/---

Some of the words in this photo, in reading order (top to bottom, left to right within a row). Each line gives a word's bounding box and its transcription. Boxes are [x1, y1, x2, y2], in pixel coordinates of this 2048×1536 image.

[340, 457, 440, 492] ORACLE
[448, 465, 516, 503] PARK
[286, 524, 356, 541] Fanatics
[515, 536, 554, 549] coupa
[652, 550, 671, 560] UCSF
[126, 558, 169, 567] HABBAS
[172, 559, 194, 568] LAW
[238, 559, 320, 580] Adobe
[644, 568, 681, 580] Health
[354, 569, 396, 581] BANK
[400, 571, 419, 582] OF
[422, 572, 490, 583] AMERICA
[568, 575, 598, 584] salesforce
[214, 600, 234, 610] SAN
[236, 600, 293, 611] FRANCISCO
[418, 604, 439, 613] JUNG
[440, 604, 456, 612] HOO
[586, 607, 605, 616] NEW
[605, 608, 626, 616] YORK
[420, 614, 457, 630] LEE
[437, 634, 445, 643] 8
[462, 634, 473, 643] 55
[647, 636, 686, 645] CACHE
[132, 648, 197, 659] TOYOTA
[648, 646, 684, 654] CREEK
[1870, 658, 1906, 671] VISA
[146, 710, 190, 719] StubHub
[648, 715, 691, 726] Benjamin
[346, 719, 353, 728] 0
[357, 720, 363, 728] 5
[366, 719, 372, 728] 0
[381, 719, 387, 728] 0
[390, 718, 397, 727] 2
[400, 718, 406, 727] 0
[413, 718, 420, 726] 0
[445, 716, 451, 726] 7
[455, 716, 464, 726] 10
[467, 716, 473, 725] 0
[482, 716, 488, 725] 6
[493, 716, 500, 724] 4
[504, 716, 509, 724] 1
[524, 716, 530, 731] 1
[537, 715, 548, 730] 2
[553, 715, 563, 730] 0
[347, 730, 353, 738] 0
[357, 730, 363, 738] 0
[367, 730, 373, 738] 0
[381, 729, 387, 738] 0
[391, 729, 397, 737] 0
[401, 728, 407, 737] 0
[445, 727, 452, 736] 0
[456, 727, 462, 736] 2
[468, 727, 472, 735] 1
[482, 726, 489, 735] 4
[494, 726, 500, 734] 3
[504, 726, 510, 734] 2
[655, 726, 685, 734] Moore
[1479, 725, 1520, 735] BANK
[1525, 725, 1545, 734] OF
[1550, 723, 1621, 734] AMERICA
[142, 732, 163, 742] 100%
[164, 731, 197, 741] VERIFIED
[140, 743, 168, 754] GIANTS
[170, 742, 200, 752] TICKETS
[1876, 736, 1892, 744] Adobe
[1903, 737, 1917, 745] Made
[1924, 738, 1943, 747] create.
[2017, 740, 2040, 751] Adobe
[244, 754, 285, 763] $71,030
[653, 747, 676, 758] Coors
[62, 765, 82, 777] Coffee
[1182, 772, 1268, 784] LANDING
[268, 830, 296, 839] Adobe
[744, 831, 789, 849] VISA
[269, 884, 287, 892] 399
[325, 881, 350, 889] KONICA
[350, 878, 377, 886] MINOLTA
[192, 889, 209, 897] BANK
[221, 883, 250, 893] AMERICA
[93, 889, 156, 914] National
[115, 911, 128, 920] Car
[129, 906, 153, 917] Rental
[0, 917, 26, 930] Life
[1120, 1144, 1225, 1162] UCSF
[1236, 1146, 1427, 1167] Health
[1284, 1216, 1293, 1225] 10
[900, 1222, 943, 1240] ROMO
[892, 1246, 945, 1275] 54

\---

_Goal of the exercise_
Going through the records above, count the lines that hold the string "Adobe" and give only the total.

_Written response_
4